## Required action
Pictures should be left out while the data beneath this task is written out word for word.

## Data records
————
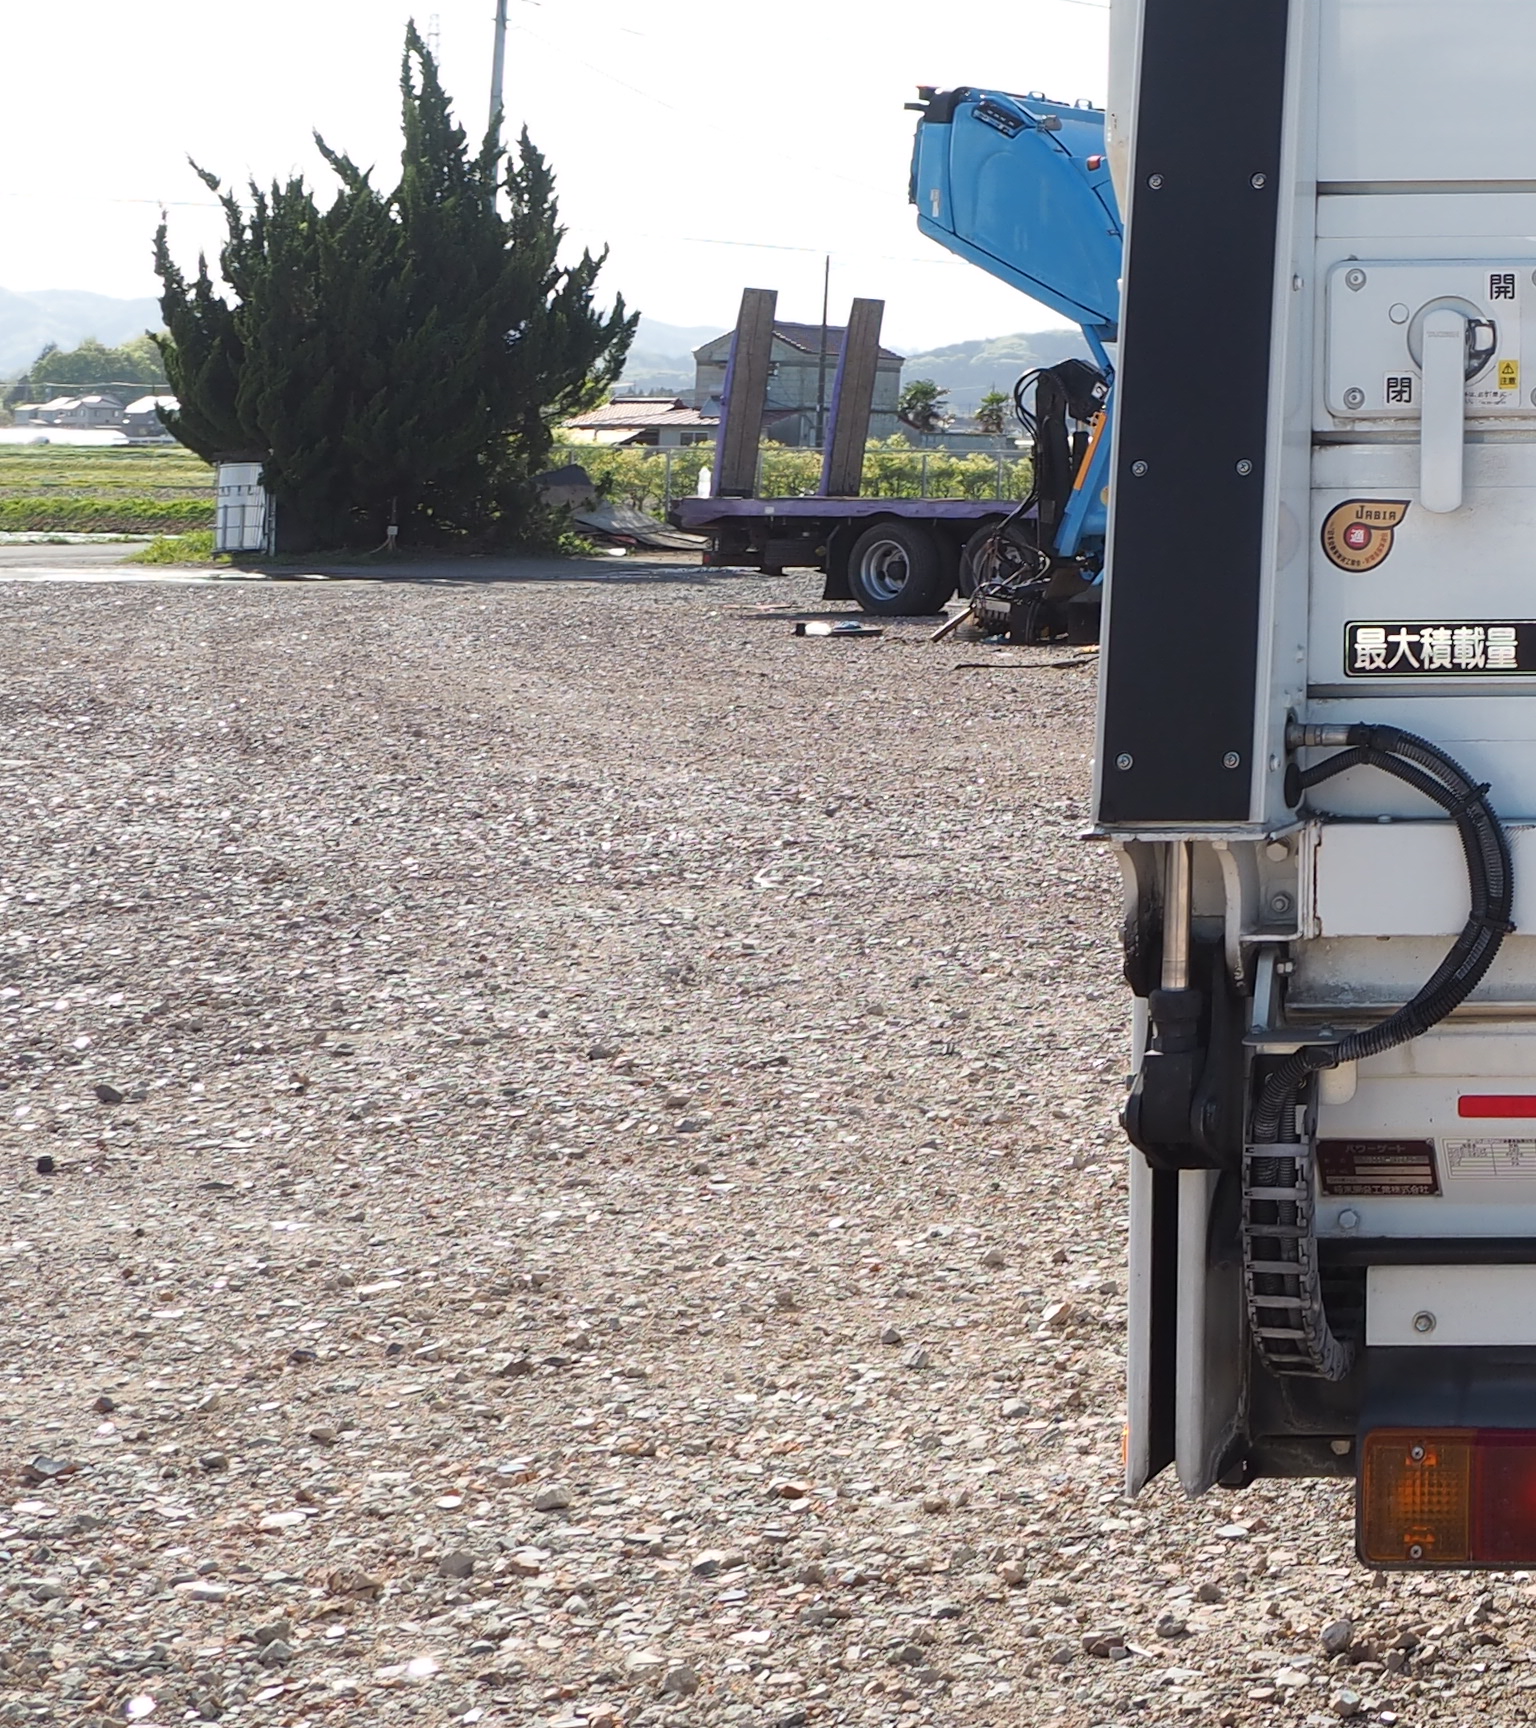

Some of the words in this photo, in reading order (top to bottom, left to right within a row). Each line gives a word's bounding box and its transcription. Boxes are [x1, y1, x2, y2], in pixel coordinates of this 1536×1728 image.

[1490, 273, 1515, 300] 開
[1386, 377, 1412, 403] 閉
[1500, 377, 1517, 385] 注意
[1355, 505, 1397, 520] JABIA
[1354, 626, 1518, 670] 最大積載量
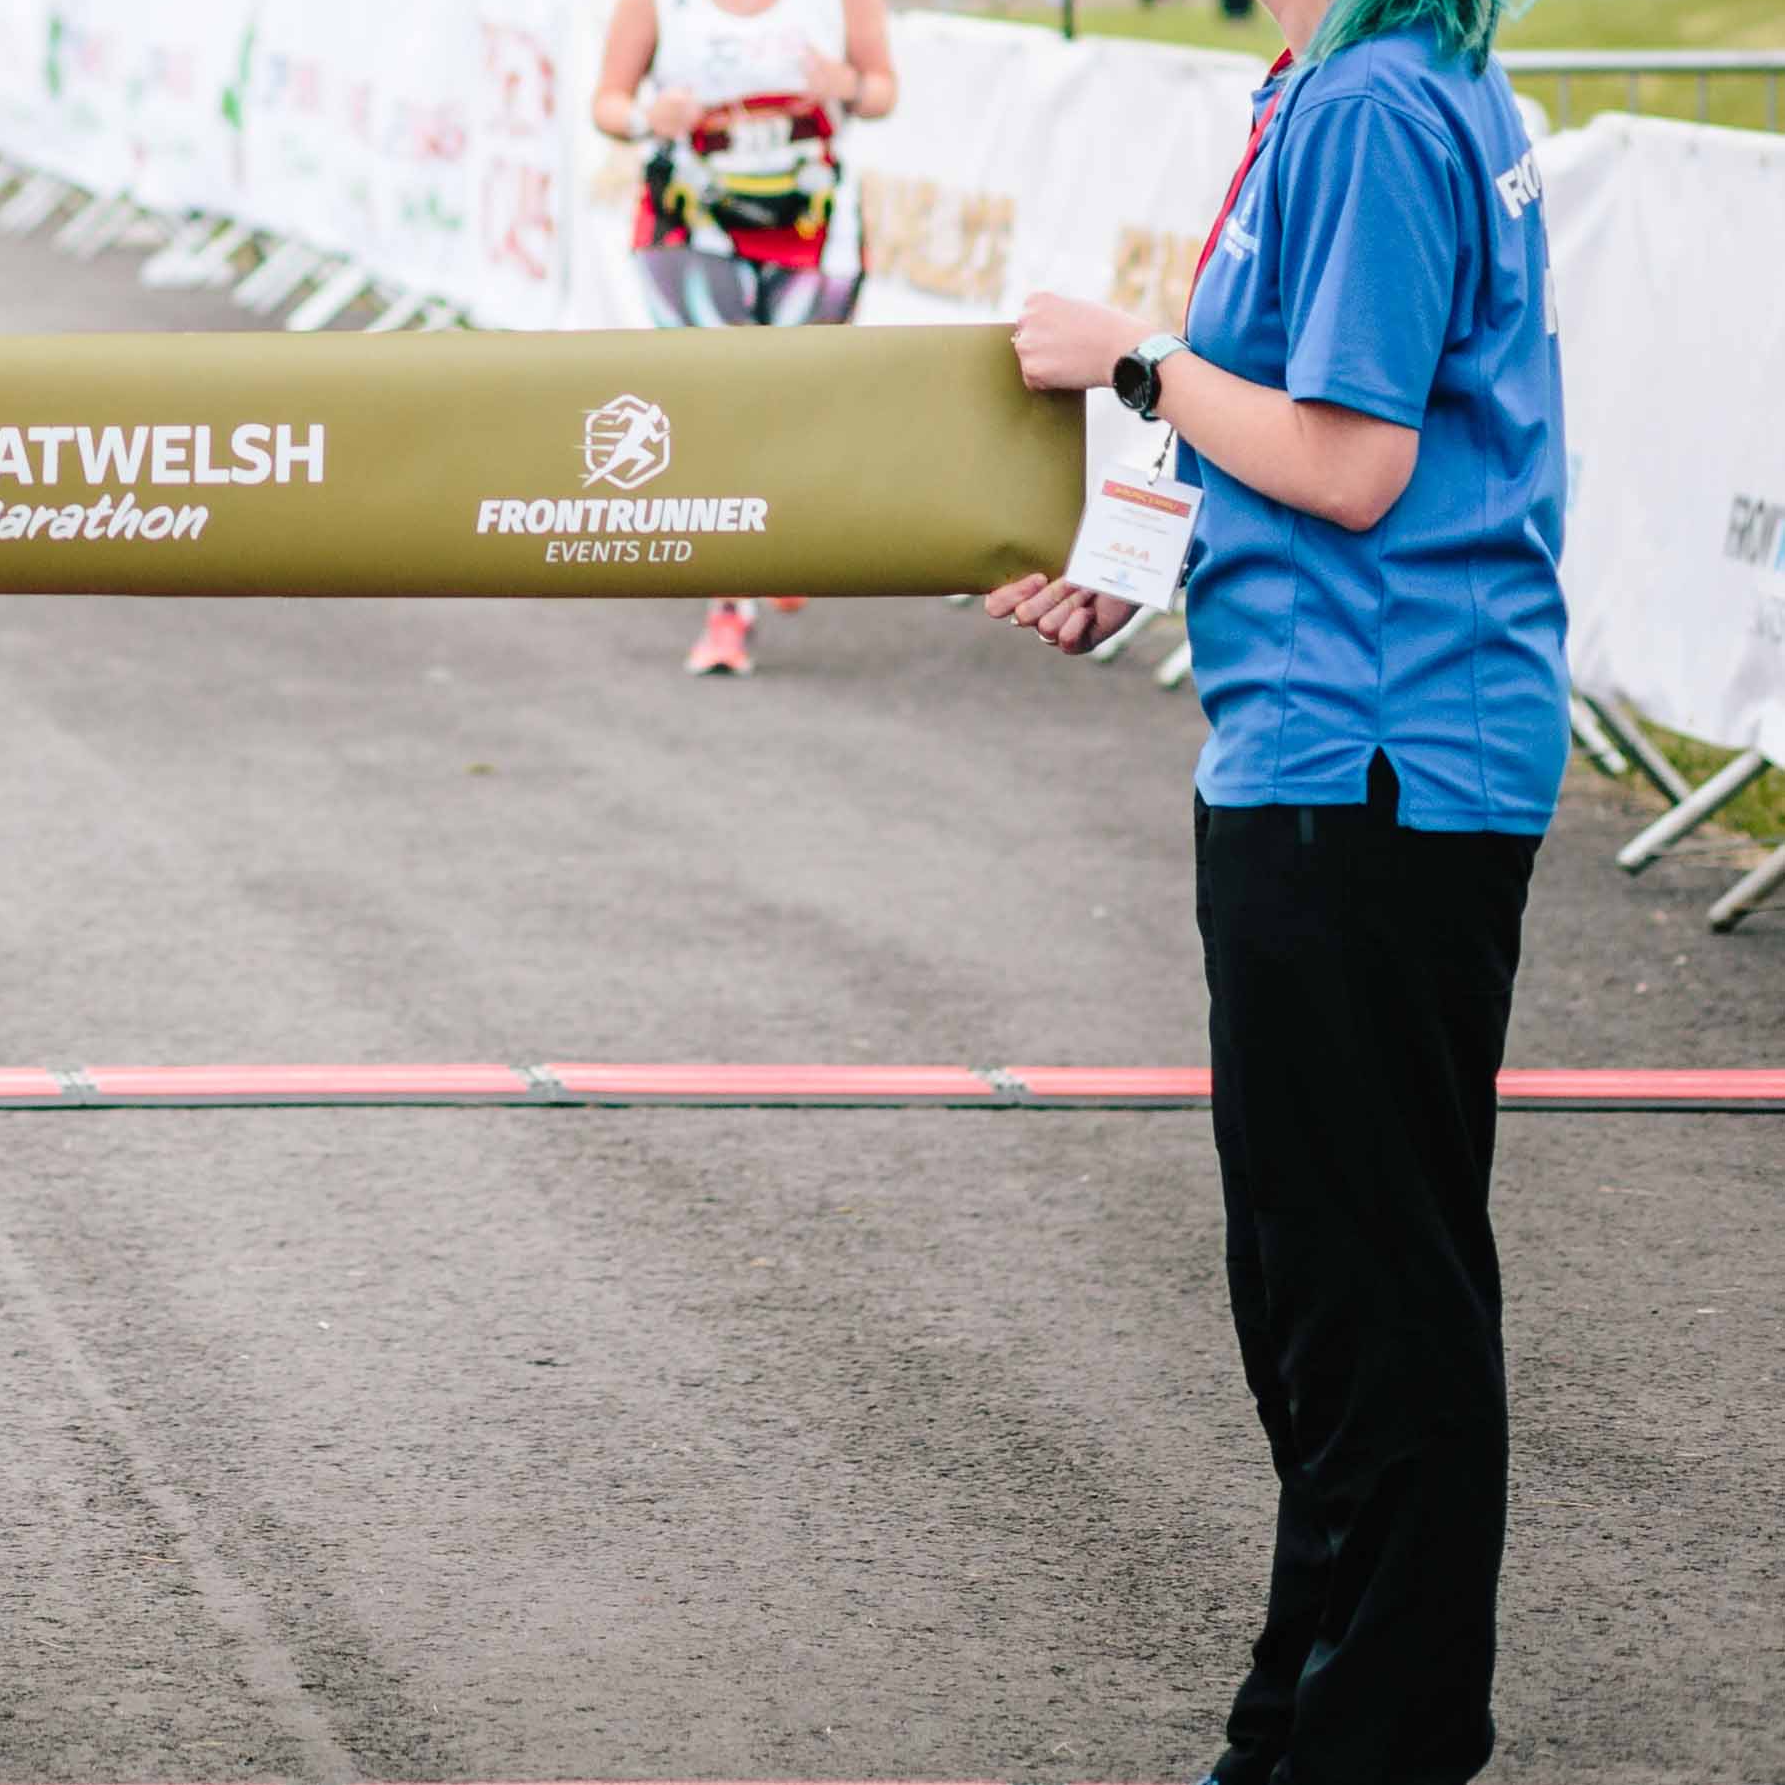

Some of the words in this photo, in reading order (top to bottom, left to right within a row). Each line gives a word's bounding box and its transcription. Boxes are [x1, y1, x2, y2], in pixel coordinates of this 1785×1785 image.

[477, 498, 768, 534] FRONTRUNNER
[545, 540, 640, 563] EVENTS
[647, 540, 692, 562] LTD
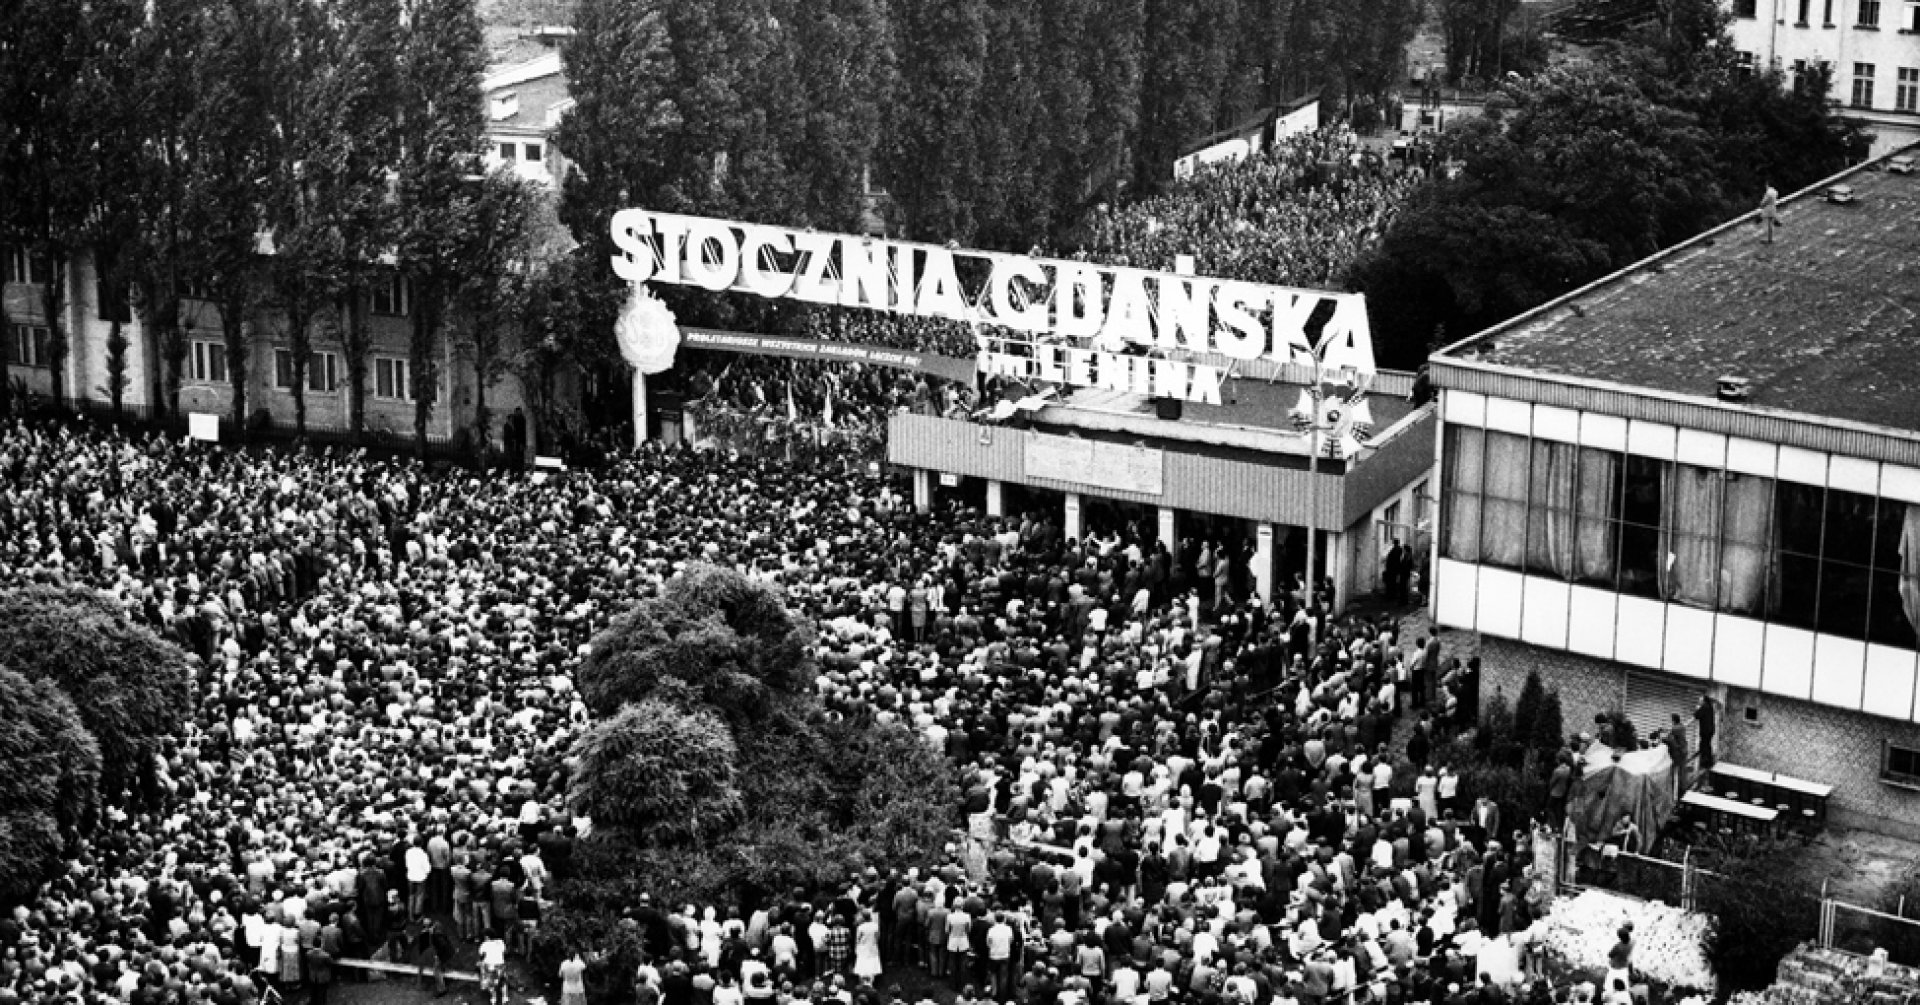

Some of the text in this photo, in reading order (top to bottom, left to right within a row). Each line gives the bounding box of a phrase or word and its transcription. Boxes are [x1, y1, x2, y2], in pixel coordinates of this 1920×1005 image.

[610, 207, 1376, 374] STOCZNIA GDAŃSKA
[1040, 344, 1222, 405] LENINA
————
## Expected answer
Some of the words in this photo, in reading order (top to bottom, left to right within a row). Each line gives a word's bounding box and its transcription. Boxes are [x1, y1, x2, y2], in pixel coordinates of this 1536×1728 image.

[1490, 273, 1515, 300] 開
[1386, 377, 1412, 403] 閉
[1500, 377, 1517, 385] 注意
[1355, 505, 1397, 520] JABIA
[1354, 626, 1518, 670] 最大積載量

Some of the words in this photo, in reading order (top to bottom, left to right within a row). Each line gives a word's bounding box and its transcription. Boxes are [x1, y1, x2, y2], in pixel coordinates of this 1785×1785 image.

[477, 498, 768, 534] FRONTRUNNER
[545, 540, 640, 563] EVENTS
[647, 540, 692, 562] LTD

Some of the text in this photo, in reading order (top to bottom, left to right within a row). Each line gives the bounding box of a phrase or word and its transcription. Boxes are [x1, y1, x2, y2], in pixel coordinates of this 1920×1005 image.

[610, 207, 1376, 374] STOCZNIA GDAŃSKA
[1040, 344, 1222, 405] LENINA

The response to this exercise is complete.